The band's third album, 1983's Pyromania, sold six million copies in the US alone, and its follow-up, 1987's Hysteria, went on to sell a phenomenal 20 million copies worldwide, making it one of the biggest records of the decade in any genre.
But the tragic death in 1991 of guitarist Steve Clarke, aged 30, ushered in a much more troubled decade for the high-flying Sheffield group. The rise of alternative rock changed the musical landscape, and on personal level, the band members faced upheaval, turmoil and grief. By the mid'90s, frontman Joe Elliott and guitarist Phil Collen were going through painful divorces, bassist Rick Savage was dealing with Bell's Palsy, and drummer Rick Allen, who was lucky to be alive following the horrific 1984 car crash in which he lost his left arm, was fortunate to escape jail time after pleading guilty to spousal abuse. Having lived in "arrested development" for much of their career, as 'new' guitarist Vivian Campbell acknowledged in a Classic Rock interview, it was time for the group to grow up. They did so with Slang, a record that Joe Elliott looks back on as "without a shadow of a doubt" the band's riskiest and darkest album.

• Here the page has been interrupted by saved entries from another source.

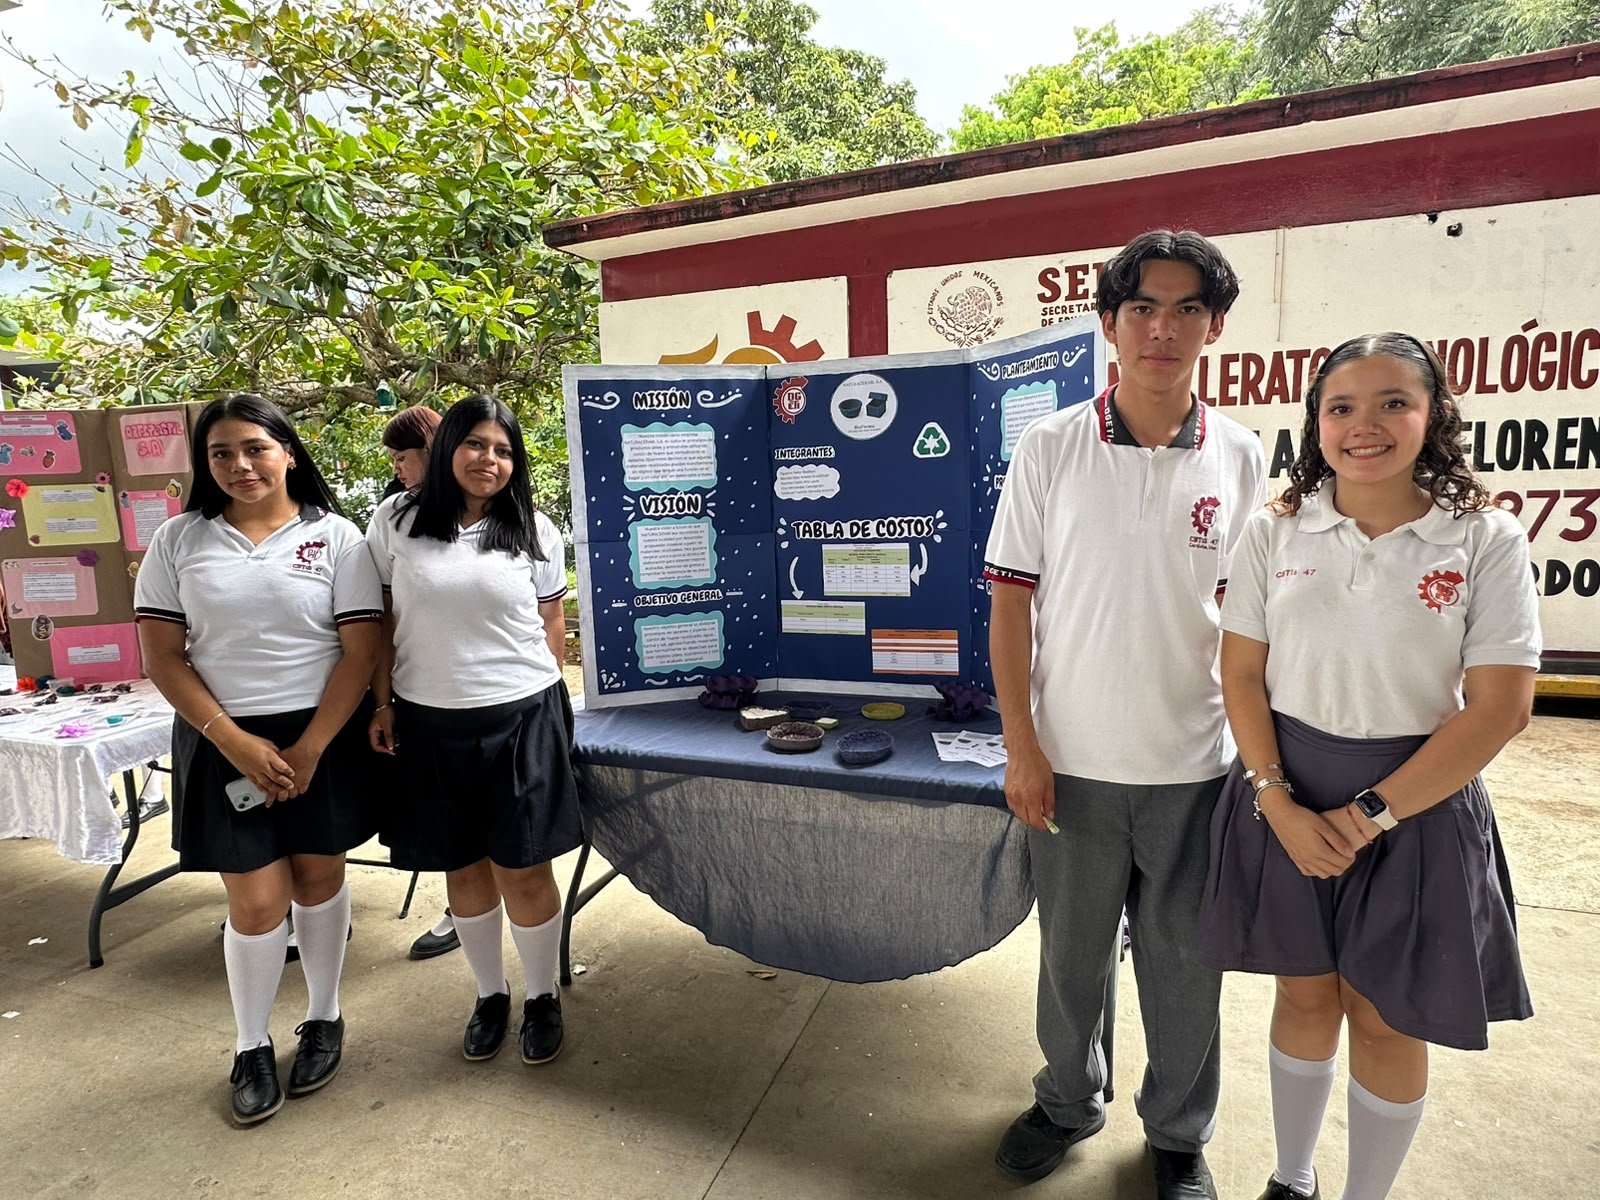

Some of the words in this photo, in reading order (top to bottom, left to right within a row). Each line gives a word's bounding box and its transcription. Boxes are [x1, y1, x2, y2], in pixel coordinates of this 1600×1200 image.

[927, 288, 939, 314] ESTADOS
[940, 270, 962, 287] UNIDOS
[973, 270, 1004, 307] MEXICANOS
[1002, 354, 1058, 377] PLANTEAMIENTO
[634, 387, 690, 409] MISIÓN
[775, 447, 833, 459] INTEGRANTES
[641, 491, 700, 514] VISIÓN
[793, 521, 844, 538] TABLA
[850, 519, 870, 537] DE
[876, 517, 933, 537] COSTOS
[1303, 568, 1316, 576] 47
[635, 594, 678, 606] OBJETIVO
[681, 590, 722, 604] GENERAL

"We were at a strange time," Vivian Campbell reflected. "We didn't really know what we were going to do or what we could do. The only clear point that we had when we were starting to make Slang was that we could not make a record that sounded like Def Leppard. We knew that we would be totally crucified."
"We were never going to go in to making that record and write a song like Let's Get Rocked," he continued. "That was definitely not going to happen. It actually did put us in that frame of mind where we could be more reflective. We were going to make a darker record."
In the summer of 1994, the band retired to a villa in Marbella, Spain, to work on new songs. For the first time since their debut album, they were without the services of super-producer Robert 'Mutt' Lange, who had songwriting credits on every song on Pyromania, Hysteria and 1992's Adrenalize.
"We'd done three massively over-produced albums - in a good way, that's how we wanted them to be - and we, after 11 years of doing that, were bored," Joe Elliott admitted candidly. "We wanted to go somewhere else.
"I turned up with a cassette I'd made of 90 minutes of songs that we should listen to, to either embrace or avoid, but be aware of. I remember [Soundgarden's] Black Hole Sun being part of that, and Alice In Chains, and some of the Nirvana stuff. We didn't try to make a grunge album, we just tried to hone it back a bit."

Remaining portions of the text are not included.